In 2015, an estimated 8.8% (more than 4 million people) were diabetic, globally (Koye, Magliano, Nelson, & Pavkov, 2018). Diabetes Mellitus (DM) (more commonly-used, ‘Diabetes’), whose nomenclature originates from Greek (for ‘siphon’) and Latin (sweet), is a condition caused by the underproduction of (corresponding to Type I- usually genetic), or pathological insensitivity to (corresponding to Type 2- usually acquired) the hormone, insulin. Insulin is produced by the Islets of Langerhans of the pancreas and regulates the transfer of blood glucose into body cells as fuel (Cowap & Parry, 2015). This is particularly important to the neural system and red blood corpuscles, as Cowap and Parry (2015) note that these cells “cannot use fats for energy—they can only use sugar” (p. 9). The pancreas also produces the antithesis of insulin, glucagon, and together with insulin, manages homeostatic control over the levels of glucose in the bloodstream. Cowap and Parry explain that Diabetes is diagnosed when the body can no longer maintain levels of blood glucose within the normal range (between 60 and 140mg/dL). Furthermore, Cowap and Parry describe the outcomes of excess (hyperglycemia) or insufficient (hypoglycemia) blood glucose, which can acutely cause coma and death, but chronically, may cause pervasive problems in multiple body systems. These include damage to the kidneys, nerves and vascular systems- which can correspondingly cause symptoms almost anywhere in the body.

How Does DM Relate to the Auditory-Vestibular System (AVS)

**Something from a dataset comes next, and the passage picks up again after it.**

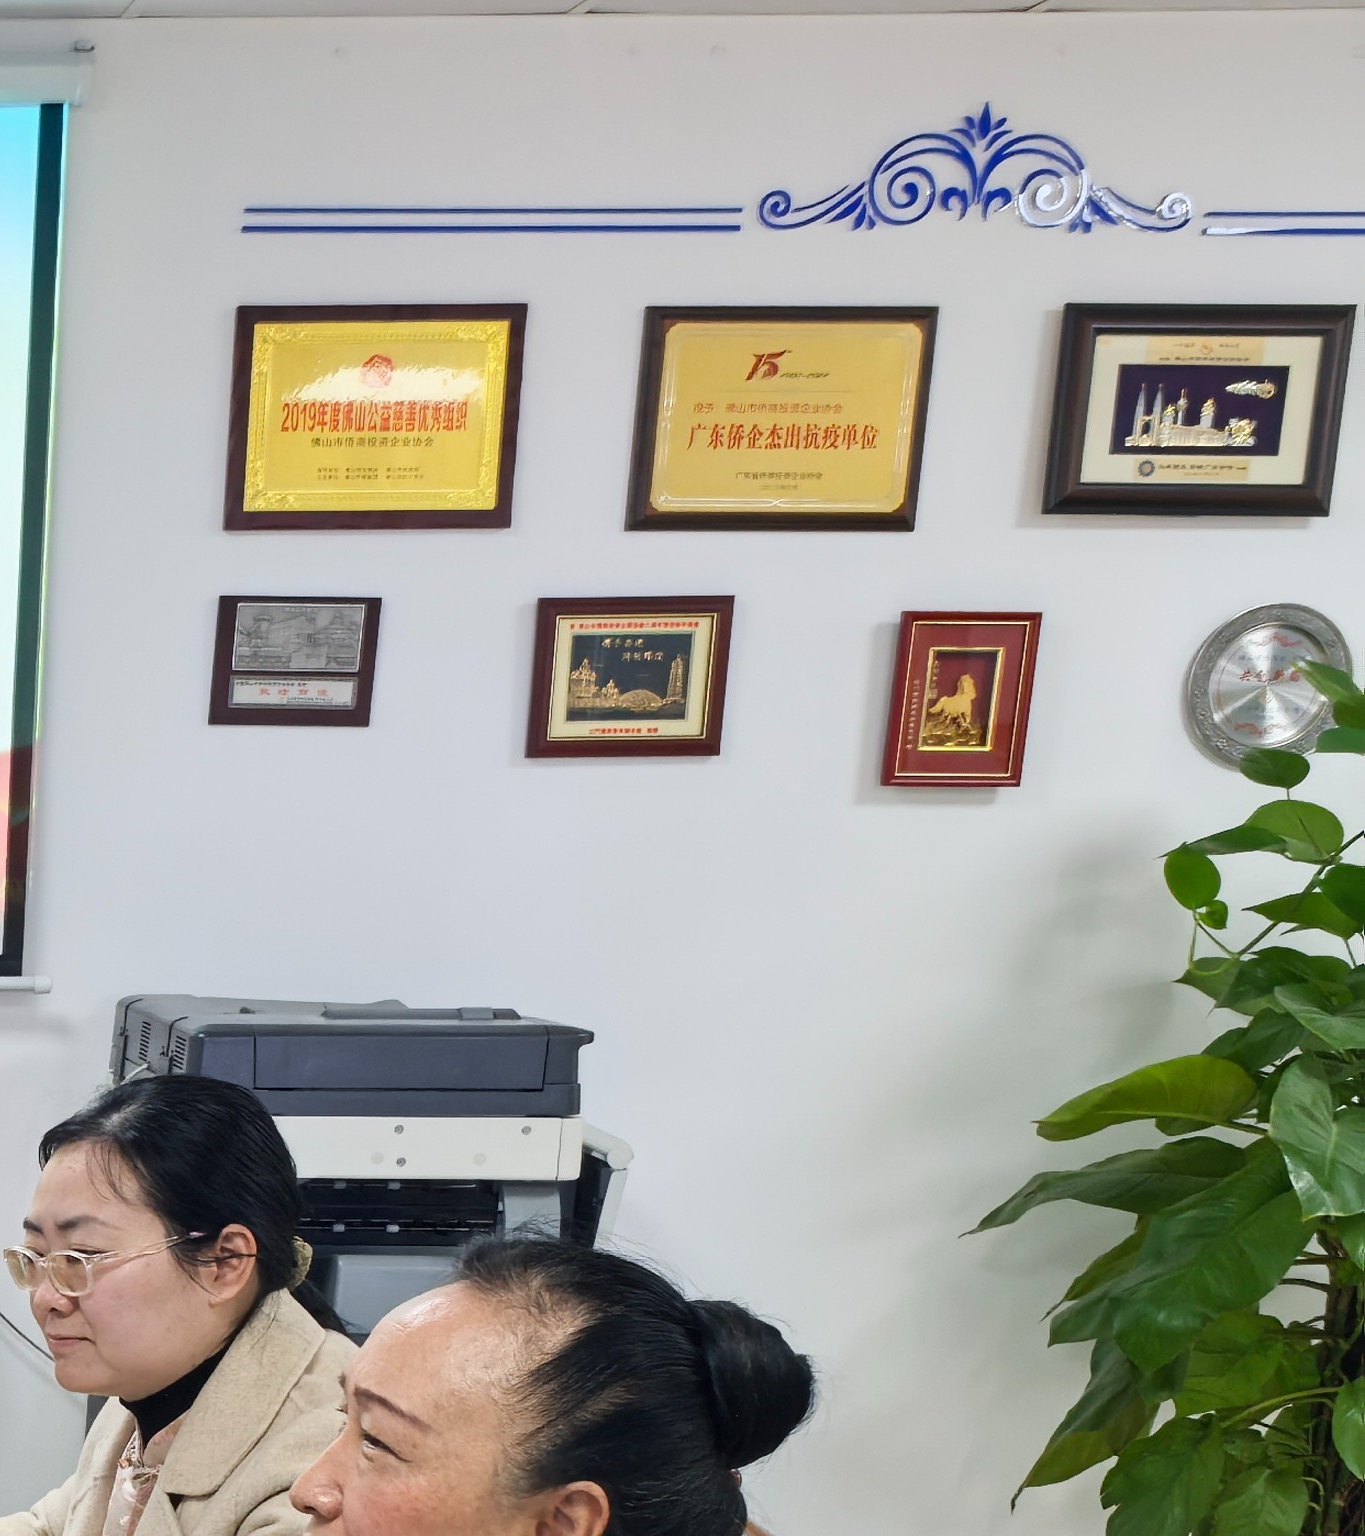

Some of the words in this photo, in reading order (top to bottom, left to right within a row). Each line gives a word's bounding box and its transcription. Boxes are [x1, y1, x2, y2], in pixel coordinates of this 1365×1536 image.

[280, 400, 469, 433] 2019年度佛山公益慈善优秀组织
[686, 422, 880, 451] 广东侨企杰出抗疫单位
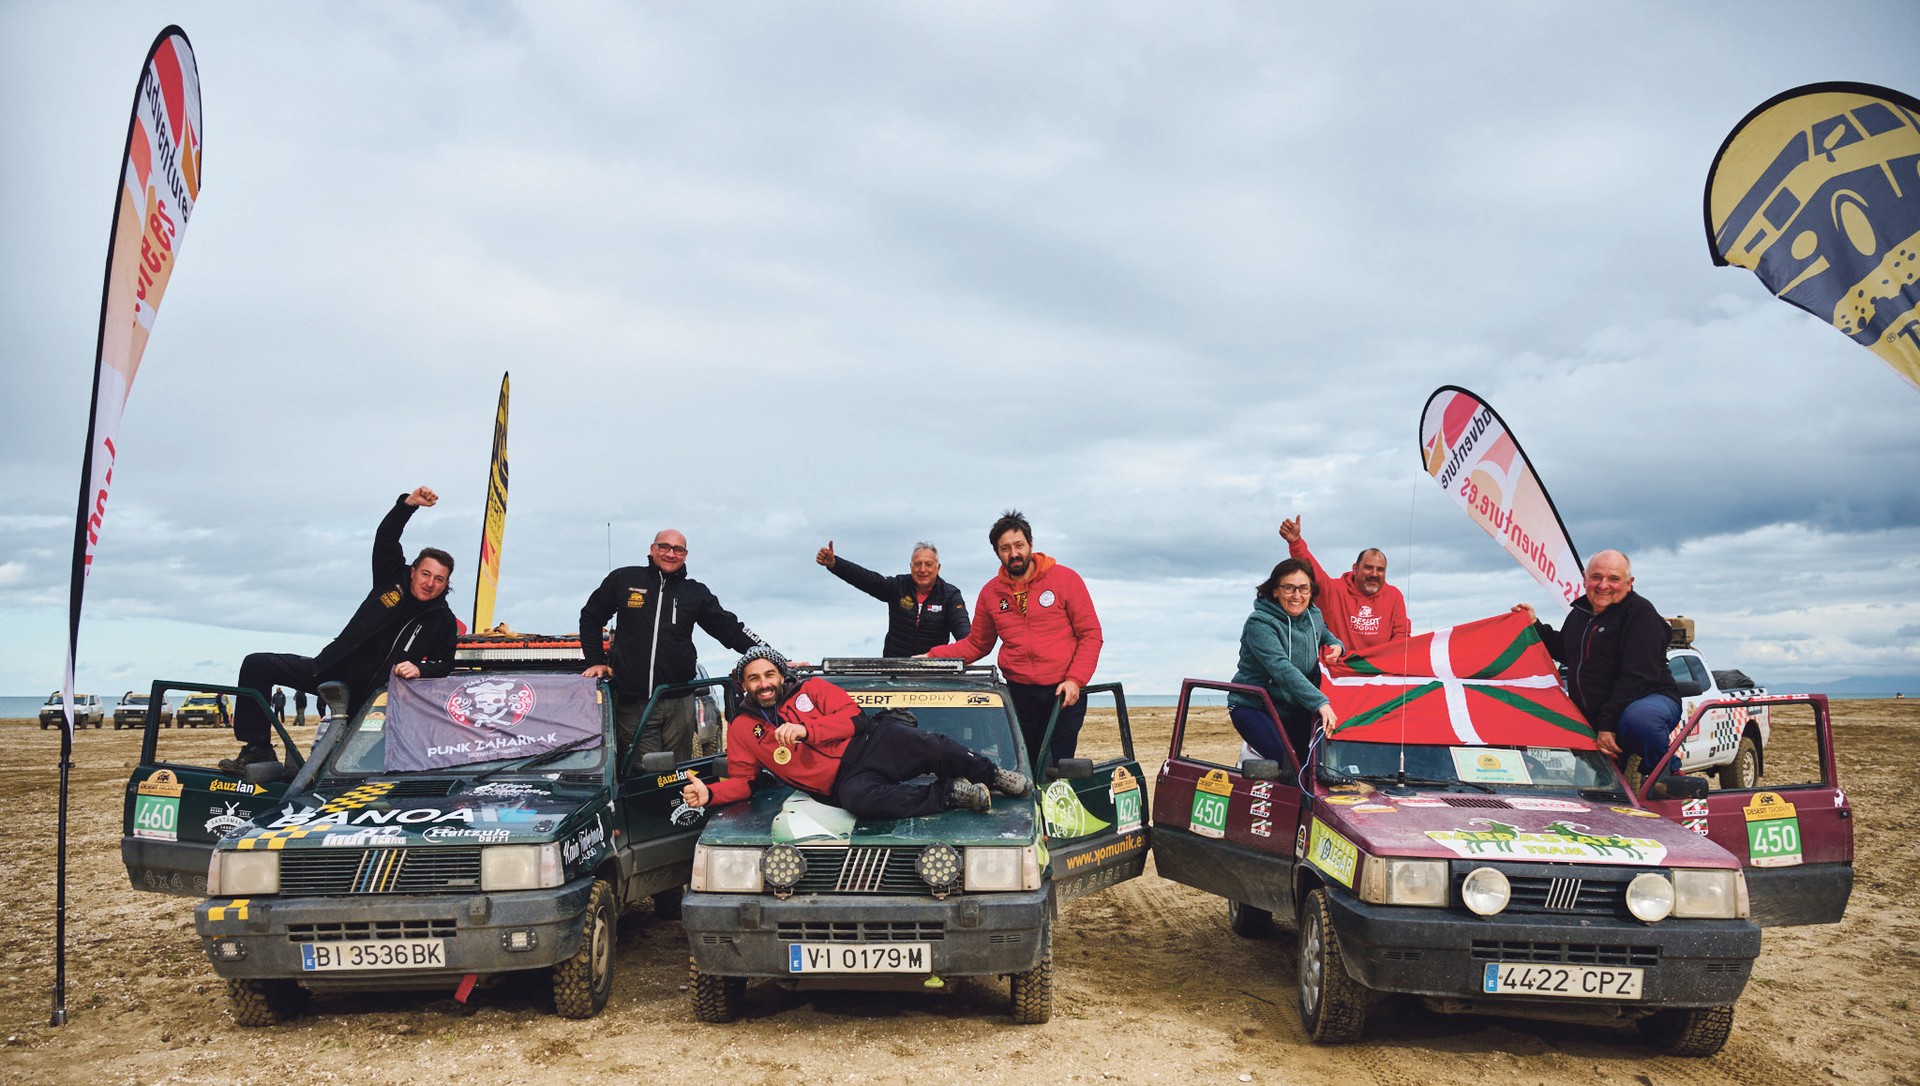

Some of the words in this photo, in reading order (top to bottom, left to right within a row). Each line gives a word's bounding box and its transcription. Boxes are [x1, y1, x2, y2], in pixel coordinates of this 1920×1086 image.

Naik and Tilloo (2018) cite multiple molecular processes in Diabetes Type 2 as a cause of vestibular disorders (VD). They describe “formation of advanced glycation end‑products, polyol formation, increased activity of protein kinase C, increased production of extracellular matrix proteins, and glycosaminoglycans” resulting in “microvascular damage termed as ‘Microangiopathy.’ “(p. 199) as the underlying mechanism. Likewise, Akinpelu, Ibrahim, Waissbluth and Daniel (2014) present animal and human temporal bone evidence for similar processes influencing the cochlea. Therefore, DM is also causal to sensorineural hearing loss (SNHL). Furthermore, Akinpelu, Ibrahim, Waissbluth and Daniel indicate that there is increased evidence of histological findings with increased length of clinical history. Xipeng et al. (2013) report that “prevalence of hearing loss in DM patients is twice that in normal individuals and that vertigo, tinnitus and hearing loss in DM patients are likely from inner ear diseases related to glucose metabolism disorders” (p. 84). The changes in the cochlea are not confined to older DM patients, nor only Type 2 DM. However, it is often only possible to detect fine changes in the cochlea in young patients with Distortion Product Otoacoustic Emissions (OAE) (Botelho, Carvalho da S., & Silva, 2014).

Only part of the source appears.